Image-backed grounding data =
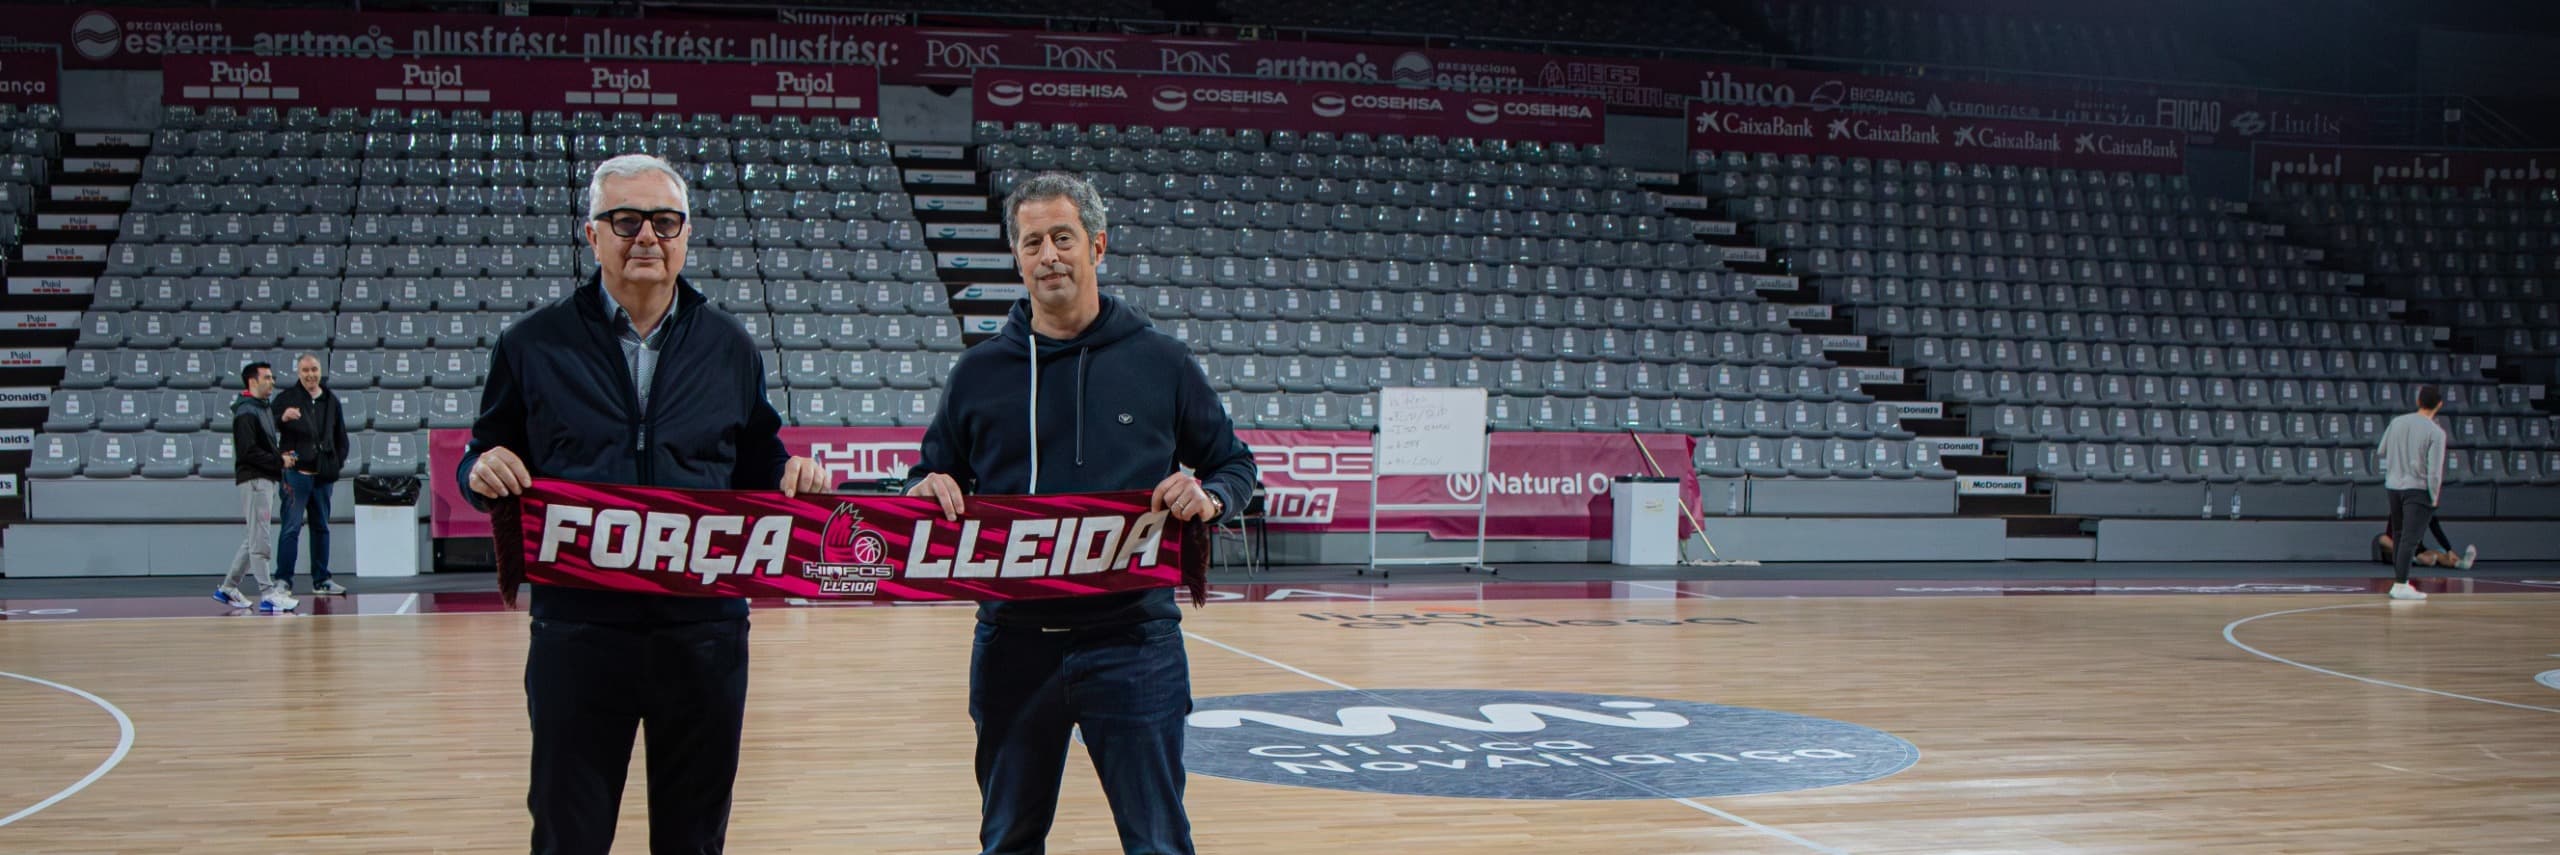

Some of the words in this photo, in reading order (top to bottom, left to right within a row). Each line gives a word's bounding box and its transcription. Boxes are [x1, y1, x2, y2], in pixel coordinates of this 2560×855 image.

[126, 20, 222, 33] excavacions
[125, 30, 232, 54] esterri
[925, 39, 1001, 67] PONS
[1044, 43, 1119, 71] PONS
[1160, 47, 1232, 74] PONS
[209, 61, 272, 87] Pujol
[402, 64, 463, 90] Pujol
[591, 67, 651, 92] Pujol
[776, 71, 835, 95] Pujol
[1029, 83, 1128, 99] COSEHISA
[1193, 88, 1289, 105] COSEHISA
[1351, 95, 1443, 112] COSEHISA
[1503, 102, 1592, 119] COSEHISA
[1723, 113, 1814, 137] CaixaBank
[1853, 120, 1940, 145] CaixaBank
[1978, 128, 2061, 153] CaixaBank
[2098, 135, 2178, 159] CaixaBank
[1897, 406, 1939, 414] cDonald's
[1938, 442, 1979, 451] cDonald's
[1487, 472, 1582, 495] Natural
[1972, 480, 2022, 489] McDonald's
[538, 503, 794, 585] FORÇA
[904, 509, 1171, 579] LLEIDA
[822, 581, 875, 592] LLEIDA
[1339, 617, 1757, 629] endesa
[1247, 739, 1595, 758] Clínica
[1271, 747, 1856, 775] NovAliança
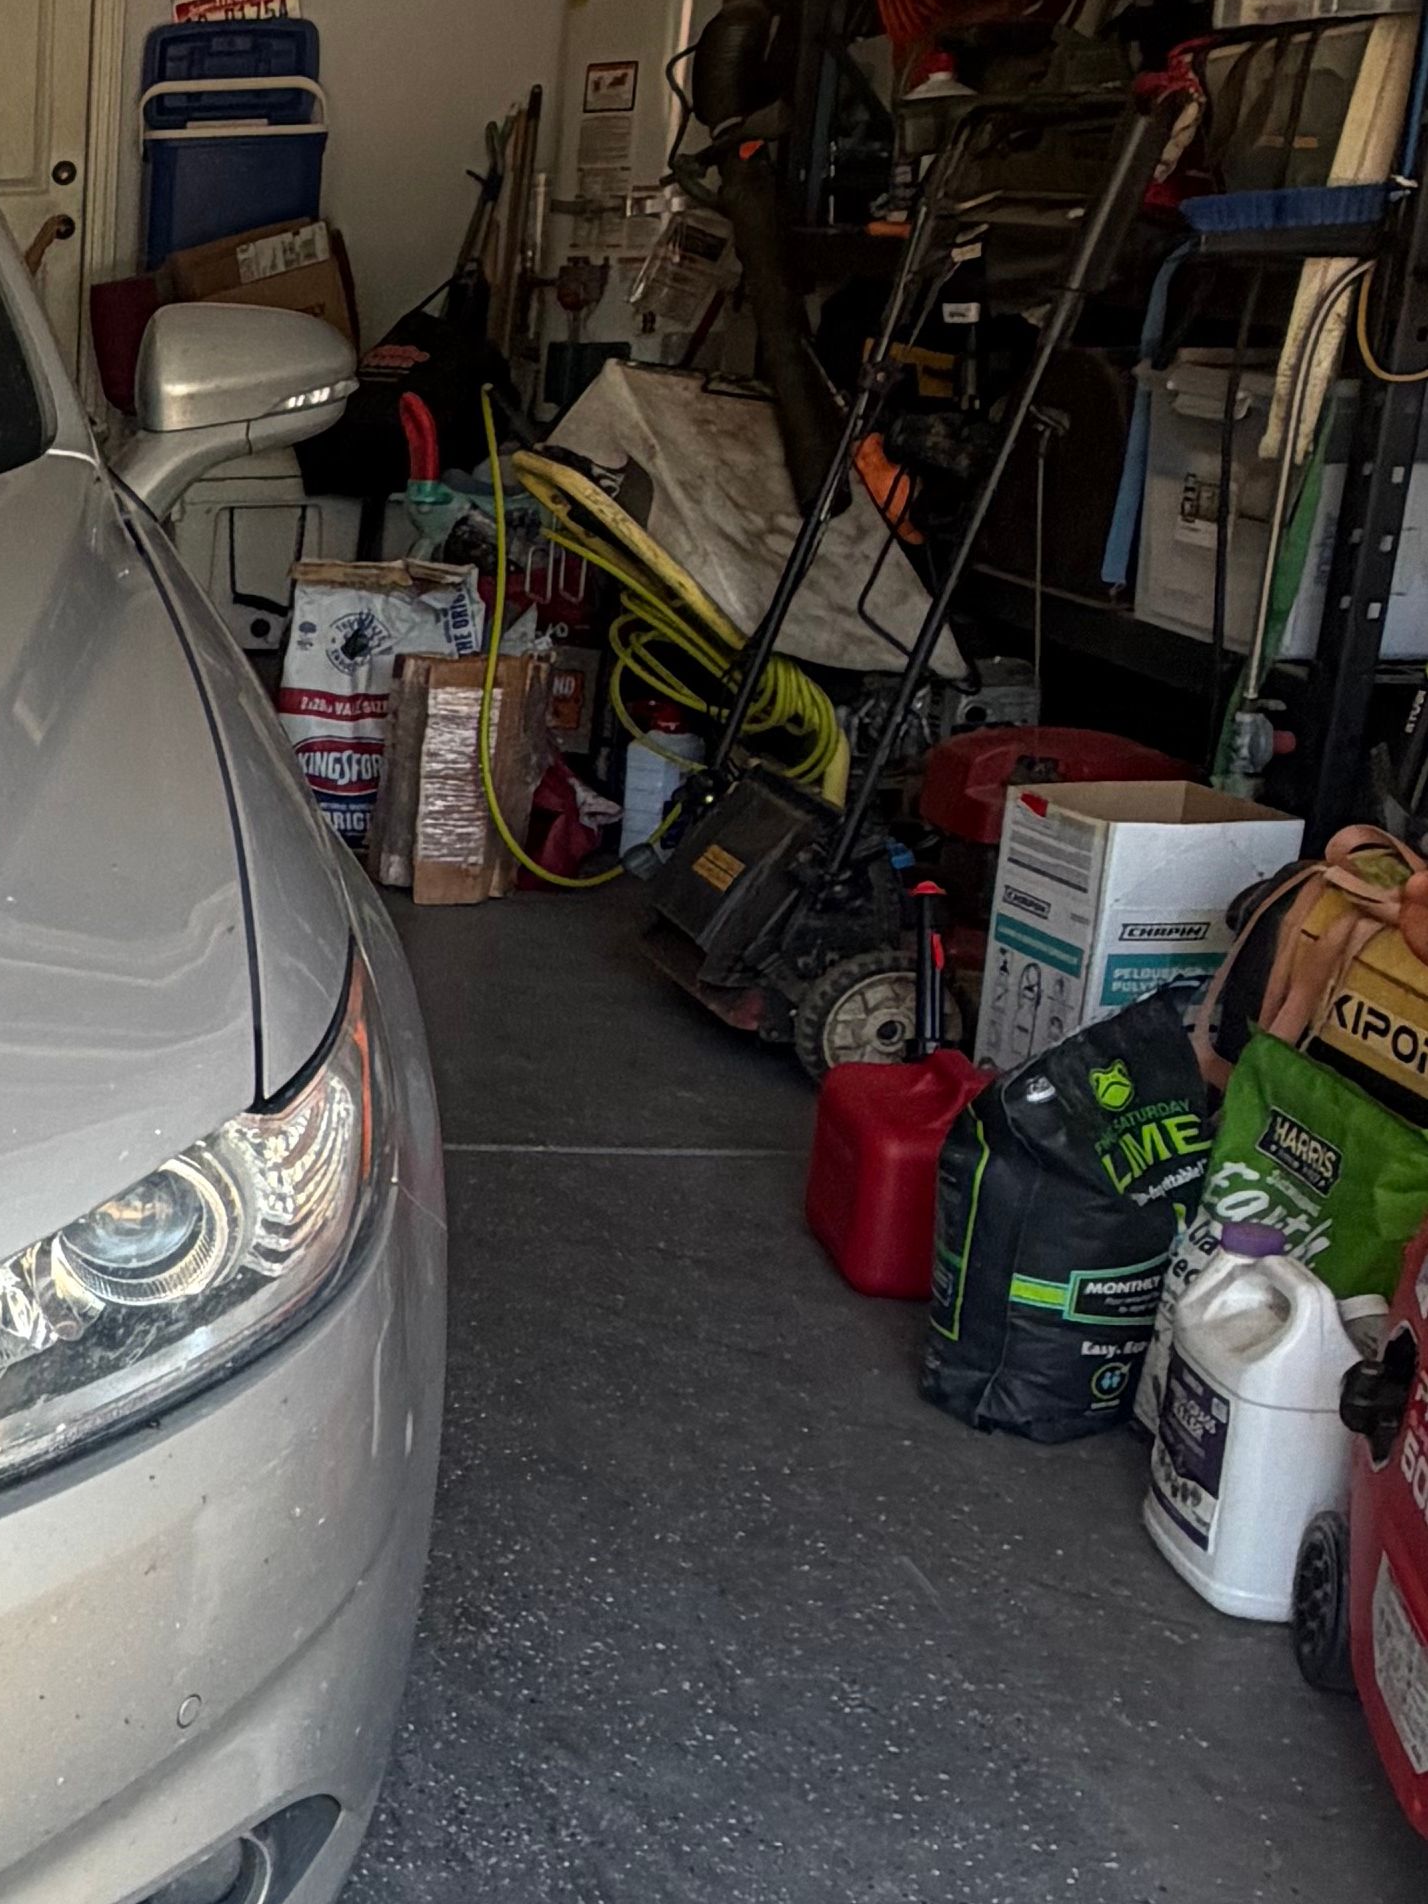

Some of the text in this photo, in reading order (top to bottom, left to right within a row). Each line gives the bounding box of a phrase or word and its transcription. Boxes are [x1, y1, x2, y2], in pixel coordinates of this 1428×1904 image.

Problem =
Transcribe each entry exactly; images stay out.

Written solution =
Some of the words in this photo, in reading order (top to bottom, left to right within a row). Each line gives a word's bounding box and its transcription. Boxes are [x1, y1, x2, y2], in pixel coordinates of this 2560×855 image.

[126, 20, 222, 33] excavacions
[125, 30, 232, 54] esterri
[925, 39, 1001, 67] PONS
[1044, 43, 1119, 71] PONS
[1160, 47, 1232, 74] PONS
[209, 61, 272, 87] Pujol
[402, 64, 463, 90] Pujol
[591, 67, 651, 92] Pujol
[776, 71, 835, 95] Pujol
[1029, 83, 1128, 99] COSEHISA
[1193, 88, 1289, 105] COSEHISA
[1351, 95, 1443, 112] COSEHISA
[1503, 102, 1592, 119] COSEHISA
[1723, 113, 1814, 137] CaixaBank
[1853, 120, 1940, 145] CaixaBank
[1978, 128, 2061, 153] CaixaBank
[2098, 135, 2178, 159] CaixaBank
[1897, 406, 1939, 414] cDonald's
[1938, 442, 1979, 451] cDonald's
[1487, 472, 1582, 495] Natural
[1972, 480, 2022, 489] McDonald's
[538, 503, 794, 585] FORÇA
[904, 509, 1171, 579] LLEIDA
[822, 581, 875, 592] LLEIDA
[1339, 617, 1757, 629] endesa
[1247, 739, 1595, 758] Clínica
[1271, 747, 1856, 775] NovAliança

Some of the text in this photo, in reading order (top to bottom, left to right within a row). Each line gives the bounding box of a phrase or word and its transcription. Boxes are [x1, y1, x2, y2], in pixel coordinates of this 1428×1904 image.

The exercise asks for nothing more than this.